The overall wage bill in the firms covered by the reduced population grew by 5.3 p.c. in 2008. At the same time, the volume of labour expanded by 1.6 p.c., so that costs per hour worked increased by 3.7 p.c. on average. This article includes an assessment, by branch of activity, of how closely the indicative wage norm set for the period 2006-2008 has been followed. This survey was carried out on the basis of a population of firms that had filed a social balance sheet for the three consecutive years. Over this period, the increase in hourly staff costs was particularly strong in the branches of transport and communication, financial and insurance services, community, social and personal services as well as health and social work.

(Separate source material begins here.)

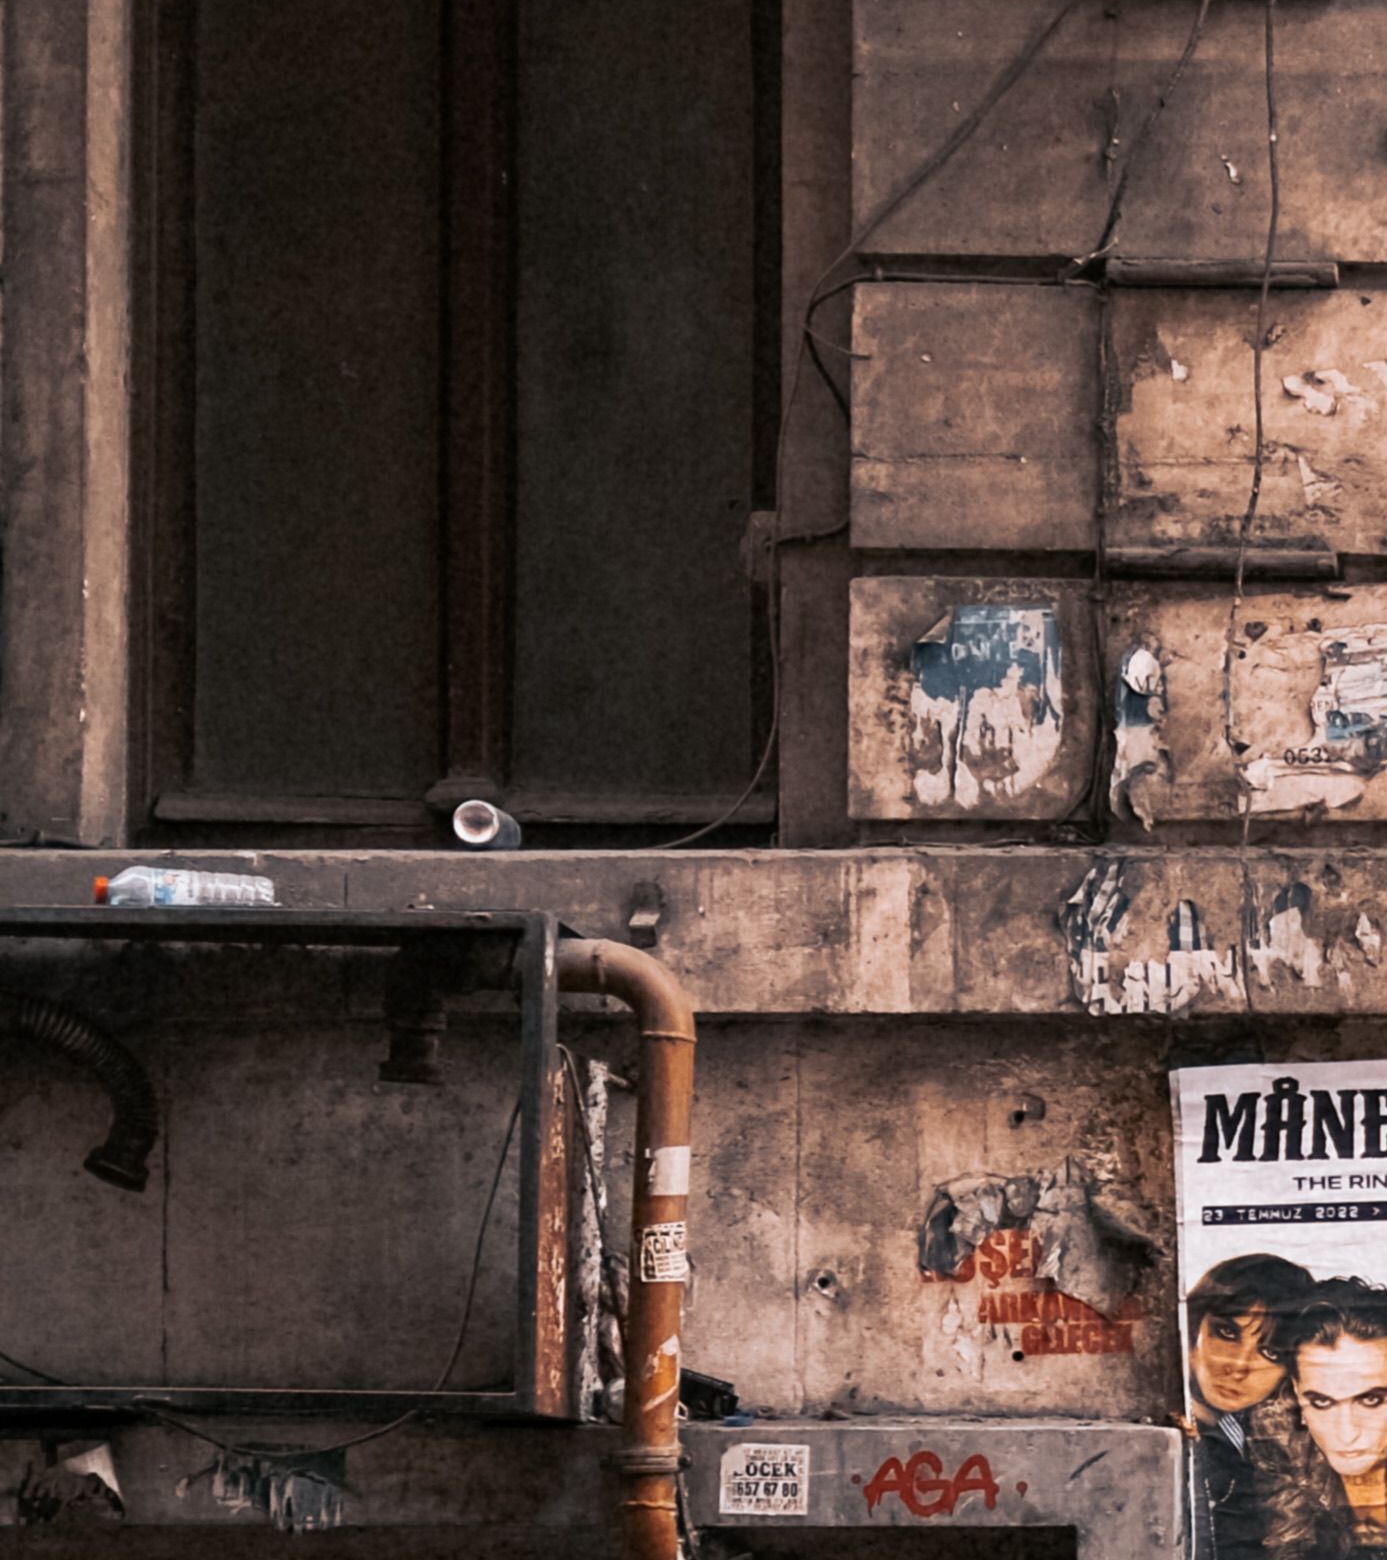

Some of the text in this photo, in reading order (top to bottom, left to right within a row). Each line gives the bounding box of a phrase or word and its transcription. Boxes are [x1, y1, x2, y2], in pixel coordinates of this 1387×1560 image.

[1293, 1175, 1343, 1191] THE
[1202, 1209, 1224, 1222] 23
[1236, 1207, 1301, 1220] TEMMUZ
[1315, 1205, 1360, 1218] 2022

On average, costs rose by 6.8 p.c., while the indicative wage norm had been set at 5 p.c. for this period.
Since the year 2008, the social balance sheet has recorded both formal and informal vocational training activities and initial training. Almost 19 p.c. of the 50,156 firms that filed a social balance sheet for the financial year ending 31 December 2008 have reported their training efforts in the ad hoc tables, a percentage that is well up on the previous years.
Participation rates come to 37 p.c. for formal training, 21 p.c. for informal training and 1 p.c. in the case of initial training. Overall, firms devoted 1.34 p.c. of the volume of labour to training initiatives in 2008. Formal vocational training took up the lion's share, with almost 60 p.c. of the total, while informal training accounted for 27 p.c. of training hours and initial training for 12 p.c. Budgets for training accounted for a total of 1.7 p.c. of staff costs, including 1.2 p.c. for formal training alone, which is still well below the target for the private sector that had been set under the central agreement at 1.9 p.c. for 2006.

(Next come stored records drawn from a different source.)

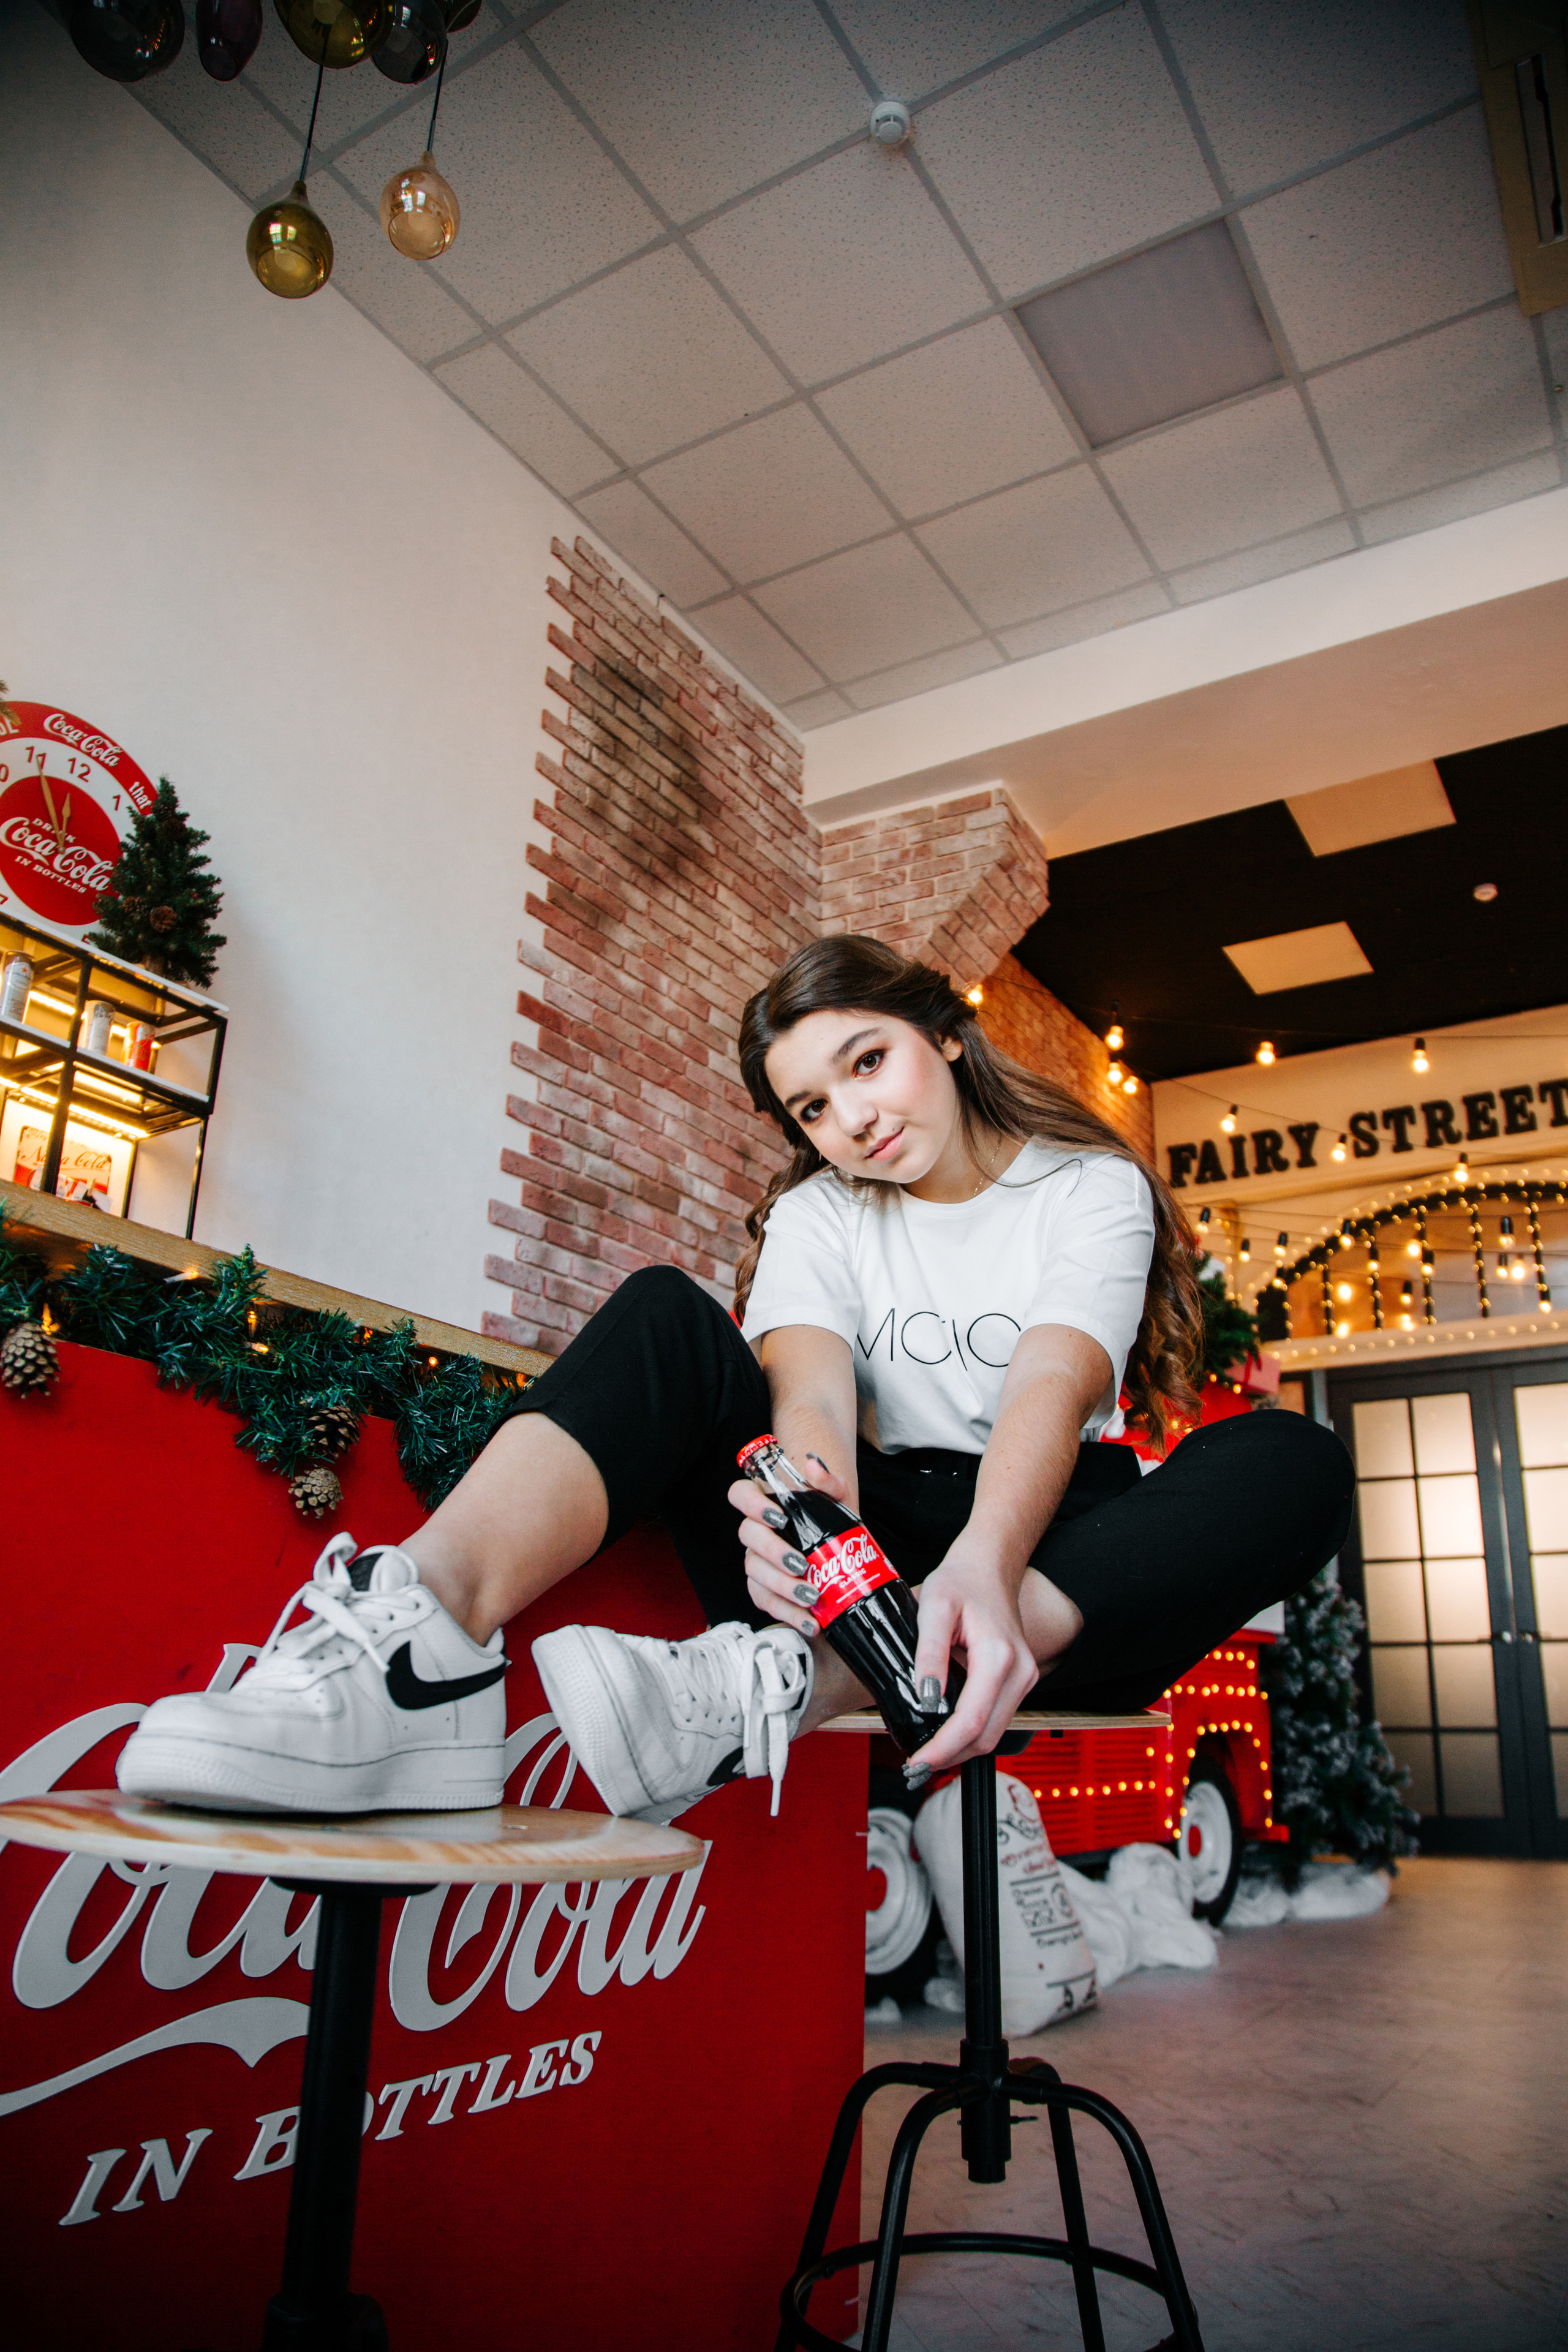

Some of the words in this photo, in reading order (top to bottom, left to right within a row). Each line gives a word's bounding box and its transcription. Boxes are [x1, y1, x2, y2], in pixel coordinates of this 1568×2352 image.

[43, 713, 124, 766] Coca-Cola
[25, 745, 47, 771] 11
[67, 757, 91, 783] 12
[112, 794, 121, 812] 1
[129, 781, 153, 810] that
[32, 817, 77, 843] DRK
[15, 855, 32, 866] IN
[32, 864, 88, 894] BOTTLES
[1167, 1122, 1319, 1188] FAIRY
[1349, 1078, 1568, 1159] STREET
[21, 1145, 70, 1166] Na
[839, 1567, 867, 1588] CLASSIC
[0, 1702, 714, 2117] CocaCola
[58, 2128, 214, 2226] IN
[233, 2030, 602, 2181] BTTLES

Small firms devote an average overall budget equivalent to 0.41 p.c. of their staff costs to training. Adding the informal training and initial training categories enables them to virtually double their performance as opposed to a situation where only formal training is taken into consideration. In medium-sized enterprises, the total effort amounts to 1.1 p.c. of staff costs, including 0.69 p.c. for formal training. In large enterprises, expenditure on formal training alone accounts for 1.88 p.c. of staff costs, out of an overall training effort taking up 2.5 p.c. of these expenses. The branches which tend to have a lot of large firms (energy and water, transport and communication) devote proportionally more resources to training activities. In agriculture, hotels and catering and the construction industry, formal training efforts are limited, but reporting informal training and initial training as well enables them to boost their performance considerably.

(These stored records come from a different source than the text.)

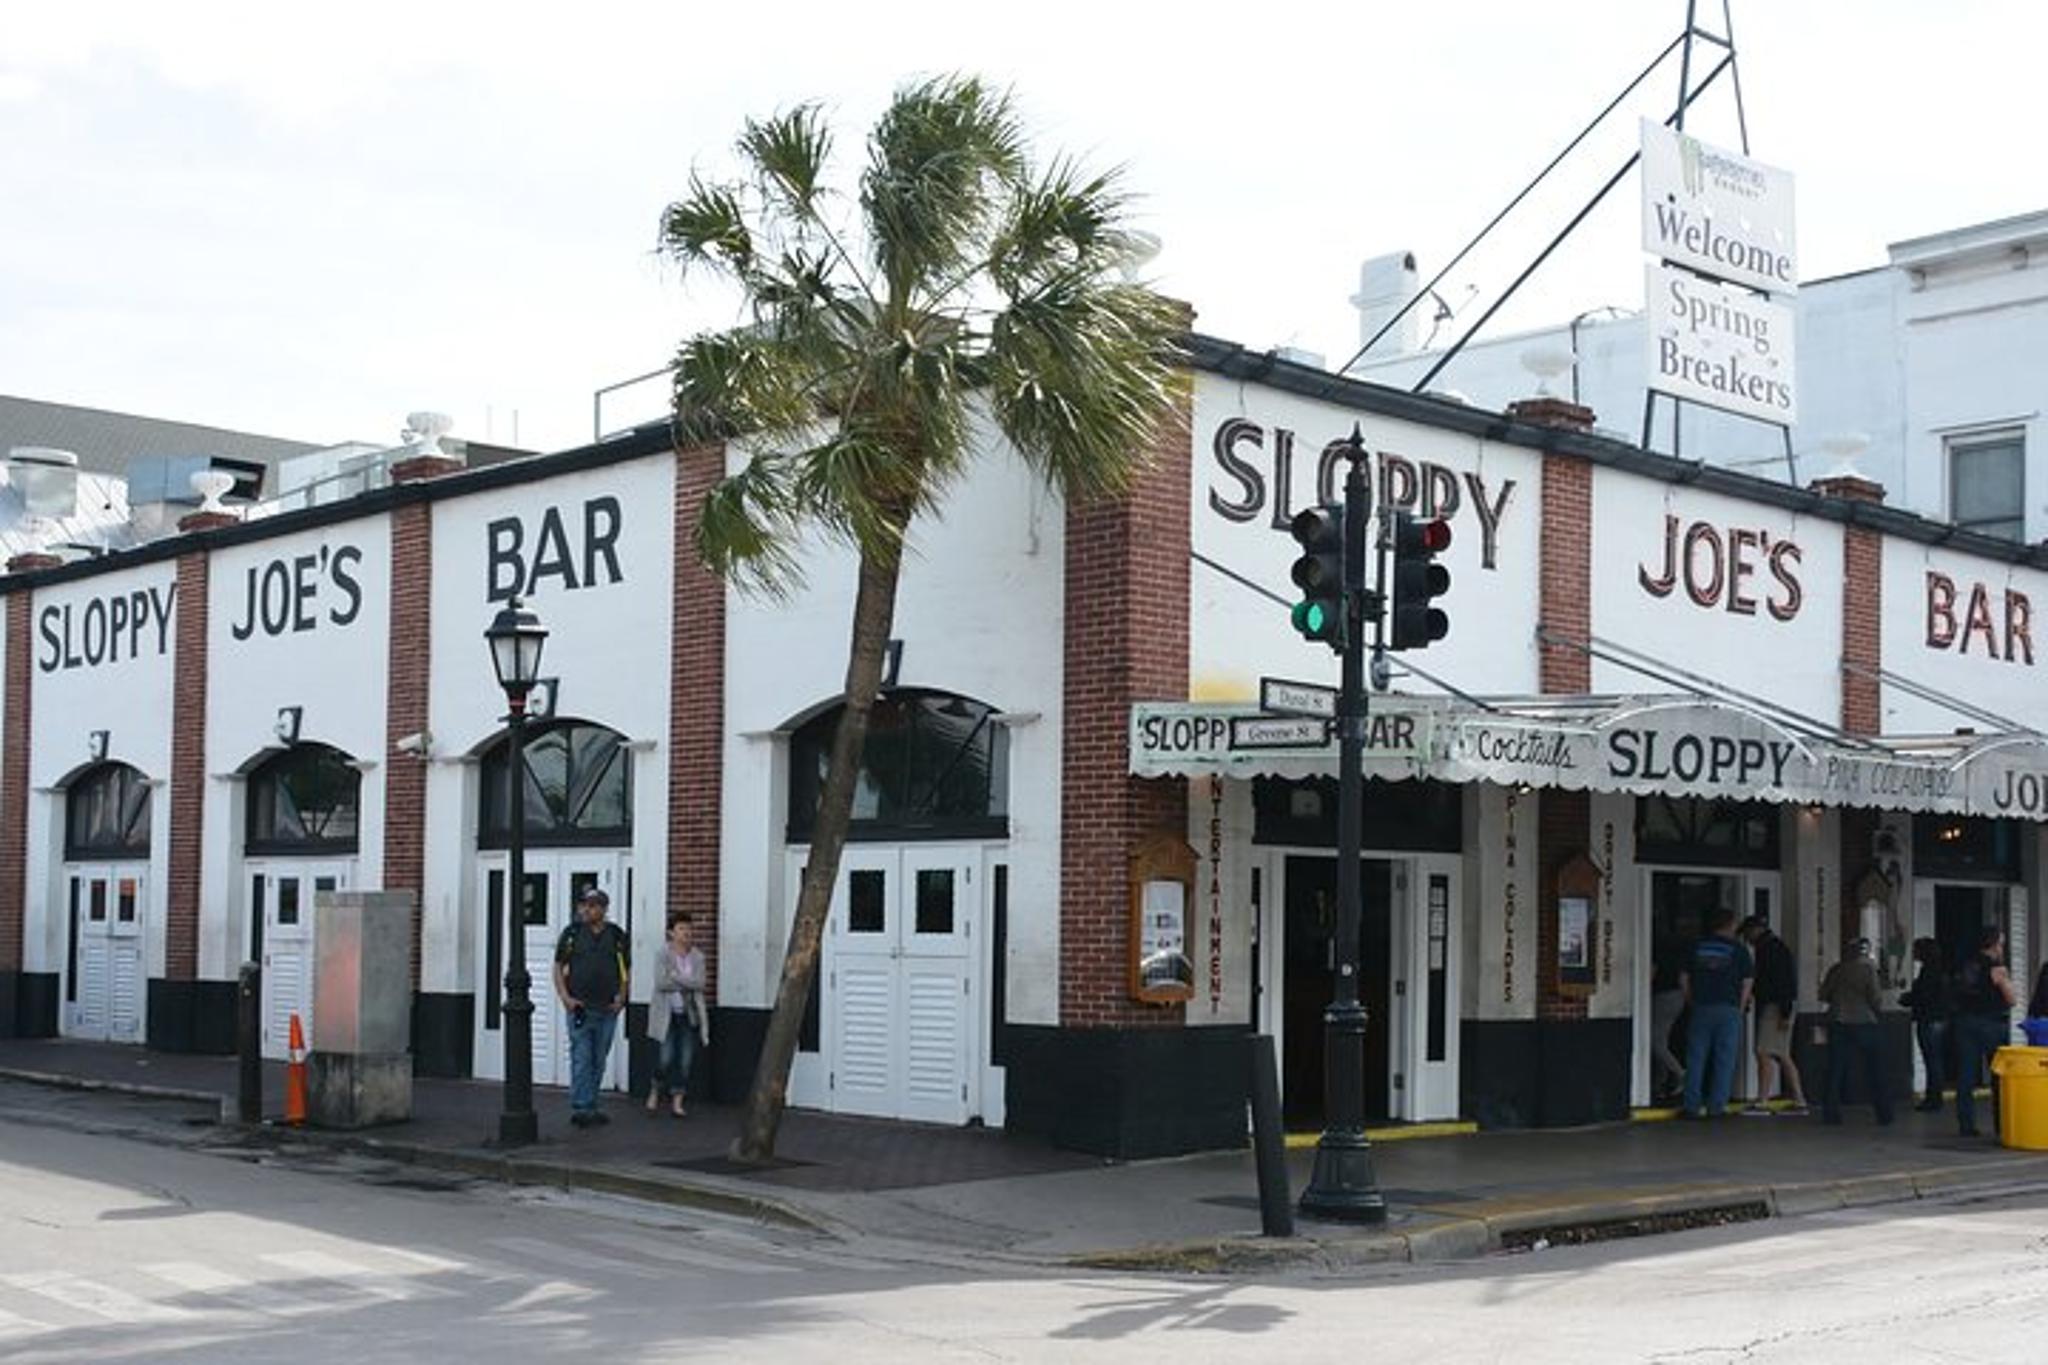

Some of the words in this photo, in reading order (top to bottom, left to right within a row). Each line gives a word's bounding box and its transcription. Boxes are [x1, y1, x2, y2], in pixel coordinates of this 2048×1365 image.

[1655, 201, 1791, 282] Welcome
[1670, 280, 1770, 354] Spring
[1659, 336, 1791, 410] Breakers
[1209, 417, 1516, 569] SLOPPY
[1638, 514, 1802, 622] JOE'S
[1924, 570, 2035, 667] BAR
[39, 582, 177, 673] SLOPPY
[232, 545, 362, 641] JOE'S
[487, 496, 624, 603] BAR
[1142, 715, 1228, 751] SLOPP
[1367, 714, 1416, 749] AR
[1478, 728, 1575, 769] Cocktails
[1607, 728, 1796, 787] SLOPPY
[1210, 778, 1222, 1014] NTERTAINMENT

Major differences in training policy can be observed between firms, whether it is a question of volume of labour devoted to training activities, size of the budget, or type of training selected. An analysis of individual data shows that the probability for an enterprise to provide formal or informal training depends above all on its size, with the branch of activity ranking second. Whether it is linked to a non-resident firm and the composition of the workforce (notably whether it employs qualified personel) also play a significant role.